Jest młoda, piekielnie zdolna i bardzo pewna siebie. Zachwyciła świat bardzo osobistym, drugim albumem "The Pains of Growing". Przed występem w krakowskiej Tauron Arenie, w szczerej rozmowie z Mateuszem Opyrchałem, opowiedziała o trudnościach związanych z dorosłym życiem, karierze i swoich planach na przyszłość.

Mateusz Opyrchał: Przeglądałem Twoje konto na Instagramie chwilę temu i kliknąłem „obserwuj”. Dlaczego ty mnie jeszcze nie obserwujesz? (śmiech)

Alessia Cara: (śmiech) Oczywiście kliknę! Nie wiem czy zobaczę to powiadomienie… Nie chce brzmieć nieskromnie, nie jestem jakoś bardzo sławna, ale mam dużo powiadomień na Instagramie!

M.O.: Ja też mam dużo!

A.C.: Musisz mi tylko obiecać, że polubisz wszystkie moje zdjęcia. Wtedy zacznę cię obserwować.

M.O.: Tak zrobię! Jak się czujesz w Krakowie?

A.C.: Bardzo dobrze, choć jestem tutaj od kilku godzin. Nie miałam jeszcze okazji, ale po koncercie na pewno wyskoczę zobaczyć miasto. Zjadłam pierogi!

M.O.: Uważaj na polską kuchnię! Pyszna, ale niezbyt lekka…

A.C.: Wiem! (śmiech). Jestem Włoszką i wiem coś o ciężkiej kuchni!

M.O.: Urodziłaś się we Włoszech, a na co dzień mieszkasz w Kanadzie.

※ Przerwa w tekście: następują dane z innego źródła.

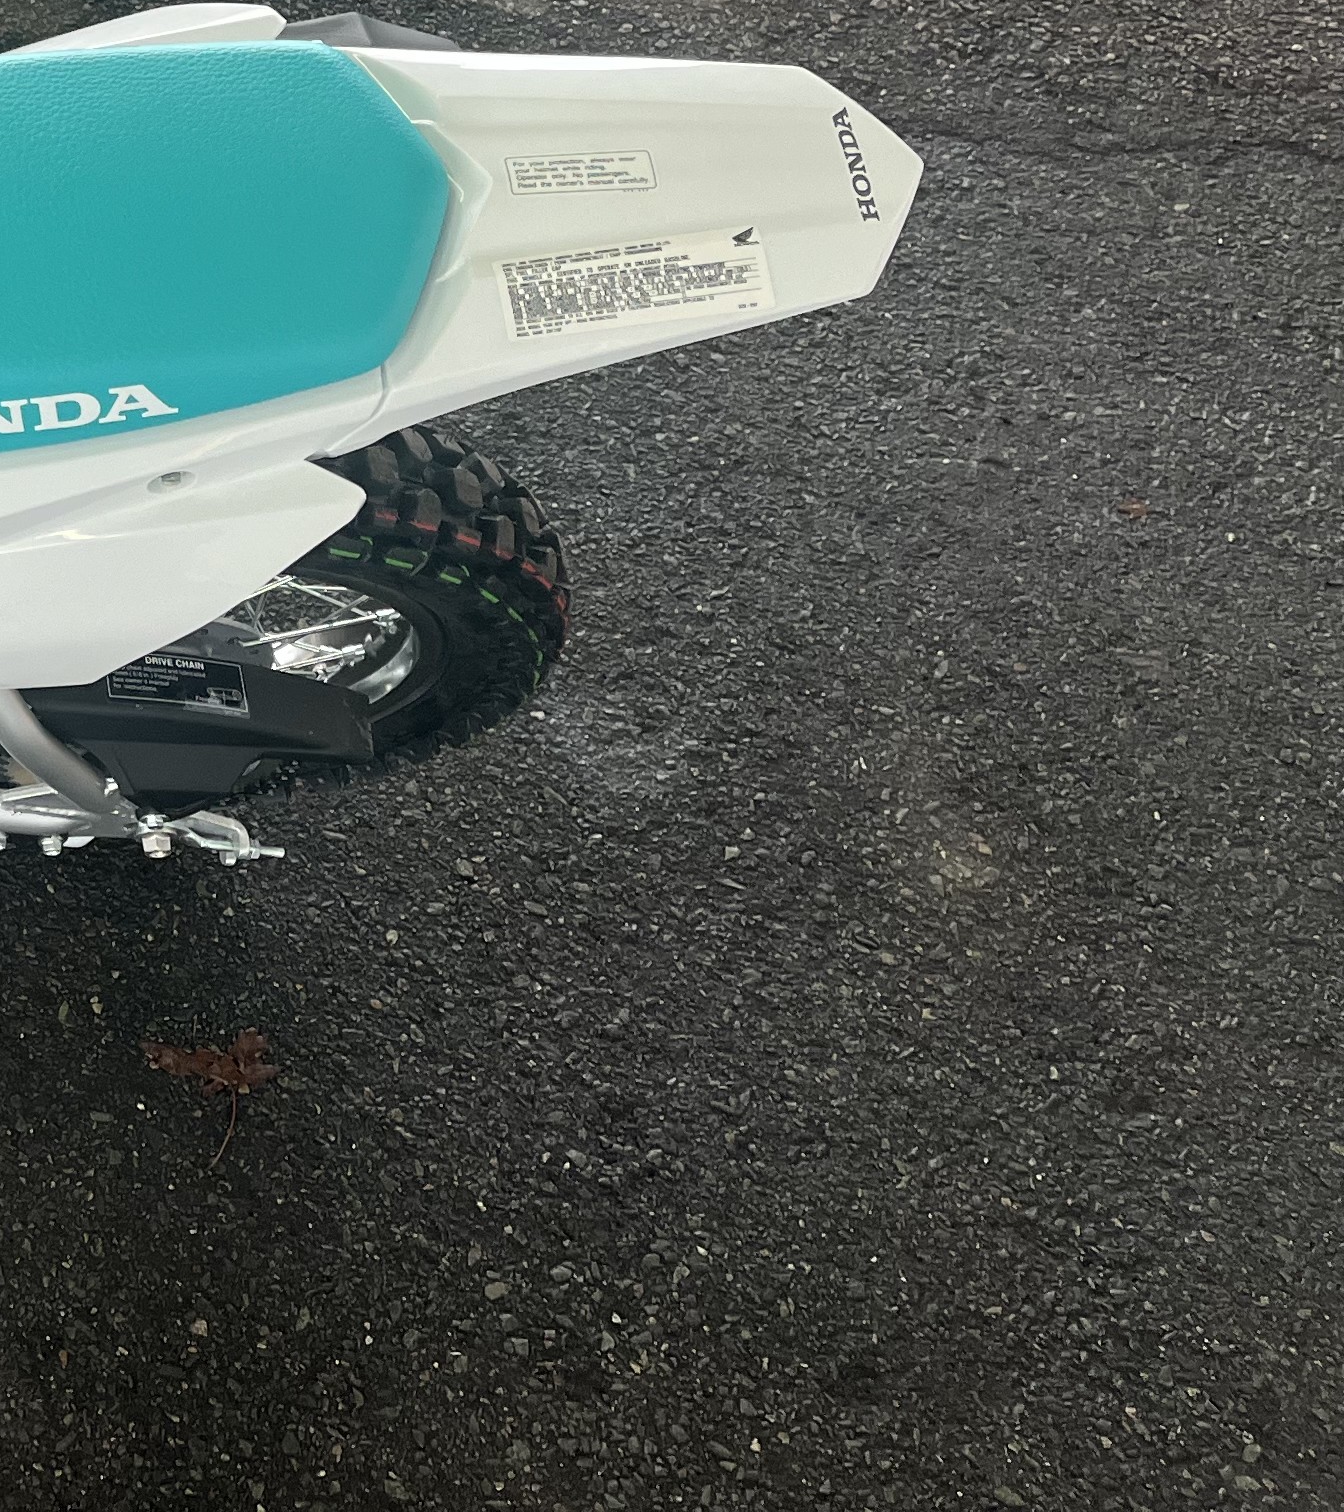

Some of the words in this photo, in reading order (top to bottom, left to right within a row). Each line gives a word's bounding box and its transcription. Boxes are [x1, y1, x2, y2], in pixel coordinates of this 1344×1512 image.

[831, 106, 881, 222] HONDA
[144, 656, 174, 667] DRIVE
[175, 659, 205, 670] CHAIN

Koncertując w Europie czujesz się bardziej jak w domu, czy jednak bliżej Ci do Kanady?

A.C.: To zależy od tego gdzie jestem w danym momencie. Kiedy koncertuję w Europie, rzeczywiście czuję jakbym była w domu, odzywają się moje włoskie korzenie. Nawet kiedy jestem w Kanadzie. Moja mama mówi w domu po włosku, mój ojciec też. Więc na co dzień czuję się bardziej Europejką. Kiedy myślę o tym, gdzie spędzić wakacje, to zwykle jest to Europa. Uwielbiam Kanadę i miasto w którym żyję – Brampton i choć nie jest małe, to nie ma tam zbyt wielu rozrywek. (śmiech)

M.O.: Teraz, będąc daleko od domu rodzinnego, jesteś w trakcie trasy koncertowej z Shawnem Mendesem. Jesteście dobrymi kumplami…

A.C.: Tak, uwielbiam go. Oboje wzięliśmy w trasę swoich przyjaciół, więc podróżujemy zgraną paczką i jest naprawdę super. Jest bardzo śmiesznie i nie czuję jakbym była w pracy. Czuję się jakbym była nastolatką w szkole, która koncertuje w przerwach od dobrej zabawy i czasu spędzonego z najlepszymi kumplami. To jest jak bycie wiecznym dzieckiem, które nie musi się martwić o „dorosłe życie”.

M.O.: Twój drugi album „The Pains of Growing” okazał się ogromnym sukcesem i jest bardzo dojrzały jak na tak młodą artystkę. Singiel "Growing Pains" jest „rozliczeniem” z dzieciństwem i wejściem w dorosłość?

A.C.: Tak, to trochę podkreślenie faktu, że jestem w trakcie osiągnięcia dojrzałości i już nigdy nie będę dzieckiem! Ten okres już minął, choć nie ukrywam, że czasem czuję się jakbym jeszcze była dzieckiem. Teraz, mając 23 lata czuję, że staję się kobietą i biorę odpowiedzialność za swoje życie. "Growing Pains" dotyka tego zamieszania wejścia w dorosłe życie.

M.O.: Dorosłość to nie jest prosta sprawa… Rachunki, wczesne pobudki, praca…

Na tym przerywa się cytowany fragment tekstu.